By developing HomoGT, a homogeneous graph transformer architecture for security alert triage, I demonstrate how architectural simplification and peak-activation pooling eliminate analyst fatigue and operationalize reproducible threat detection.
Core Artifact: Homogeneous Graph Transformer for SOAR Alert Triage
Existing graph-based cybersecurity anomaly detection solutions target network records, application logs, and system calls, but none target the SOAR alerts presented to Security Operations Centers (SOCs). Repurposed models from other modalities consistently fail because they cannot exploit the relational topology that differentiates coordinated, multi-step attacks from isolated background noise.
HomoGT addresses this gap by modeling alerts, IP addresses, processes, and domains as a unified, homogeneous graph topology. The framework utilizes shared feature projections that combine IP behavioral statistics and rule identity encodings as the primary input signals. Trained with per-alert supervision, the model aggregates temporal windows using a global max-pooling function to isolate malicious vectors in real time.
Empirical Evaluation & Baselines
The framework was evaluated against standard industry architectures, sequence-based log models, and frontier foundation models. HomoGT delivers a decisive performance advantage across all testing baselines, capturing coordinated exploits while maintaining an exceptionally high balance of precision and recall.
Performance Comparison of Anomaly Detection Frameworks
| Model Type | Prec. | Rec. | F1 | AUROC | AUPRC |
| Proposed Model | 0.75 | 0.94 | 0.83 | 0.977 | 0.897 |
| LogBERT | 0.80 | 0.42 | 0.55 | 0.721 | 0.438 |
| MAGIC | 0.28 | 0.47 | 0.35 | 0.834 | 0.139 |
| E-GraphSAGE | 1.00 | 0.11 | 0.19 | 0.656 | 0.185 |
| Gemini 2.5 Flash | 0.03 | 0.95 | 0.06 | 0.672 | 0.031 |
| Llama 3.1 | 0.02 | 0.47 | 0.04 | 0.533 | 0.022 |
Cross-Architecture Performance Comparison
To evaluate viability for practical deployment, HomoGT was benchmarked against alternative graph structures, sequence-based log architectures, and frontier large language models. The proposed architecture processes a single alert window in 4.26 ms on consumer hardware, striking an optimal balance between low training overhead and high-throughput real-time inference.

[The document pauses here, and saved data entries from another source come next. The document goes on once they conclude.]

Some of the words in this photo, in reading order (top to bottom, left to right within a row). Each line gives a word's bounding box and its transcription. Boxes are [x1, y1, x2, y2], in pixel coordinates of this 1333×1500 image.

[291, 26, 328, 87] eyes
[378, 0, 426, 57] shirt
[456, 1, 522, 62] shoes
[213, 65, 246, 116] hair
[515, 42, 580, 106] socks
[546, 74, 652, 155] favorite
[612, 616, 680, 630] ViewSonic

| Model / Framework | Training Time | Inference Latency | Throughput |
| Proposed HomoGT | ~6 minutes | 4.26 ms | 235 win/sec |
| E-GraphSAGE | ~45 minutes (CPU) | 0.31 ms | 3,264 win/sec |
| MAGIC | ~10 minutes (CPU) | 6.59 ms | 152 win/sec |
| LogBERT | ~4 minutes | 10.97 ms | 91 win/sec |
| Llama 3.1 | N/A | 11,690 ms | 0.09 win/sec |
| Gemini 2.5 Flash | N/A | API-Bound | Rate-limited |
Theoretical Contributions
- Topology Simplification: Proves that collapsing heterogeneous entity boundaries into a shared mathematical projection space retains critical relational signals while drastically lowering computational complexity.

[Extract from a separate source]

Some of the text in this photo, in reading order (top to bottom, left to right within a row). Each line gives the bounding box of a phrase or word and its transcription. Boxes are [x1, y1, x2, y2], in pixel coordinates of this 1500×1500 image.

- Signal Preservation: Validates that max-pooling functions prevent the mathematical dilution of critical threat vectors within high-noise corporate environments, resolving a major limitation of standard average-pooling layouts.
- Resource Efficiency: Demonstrates that a targeted, mathematically optimized graph structure can process complex alert windows at 235 windows per second on consumer-grade hardware, rendering heavy foundation models (which suffer up to 11,690 ms of latency) unnecessary for localized triage workflows.
Academic Publication & Expansion Roadmap
This research is actively transitioning from its initial conference paper framework into an expanded journal submission, focusing on two distinct microarchitectural tracks:
- Sub-Layer LLM Embedding: We are investigating the integration of HomoGT as a dedicated, structural layer within Large Language Model pipelines to merge relational graph topologies with semantic text processing architectures.
- RISC-V Vector Parallelism: To counter the rising operational costs of enterprise AI GPU infrastructure, the next phase maps high-throughput graph training pipelines directly onto bare-metal RISC-V Vector (RVV) extensions. This hardware-software co-design aims to prove that dense, multi-dimensional security workloads can be computed efficiently on open-source instruction set architectures.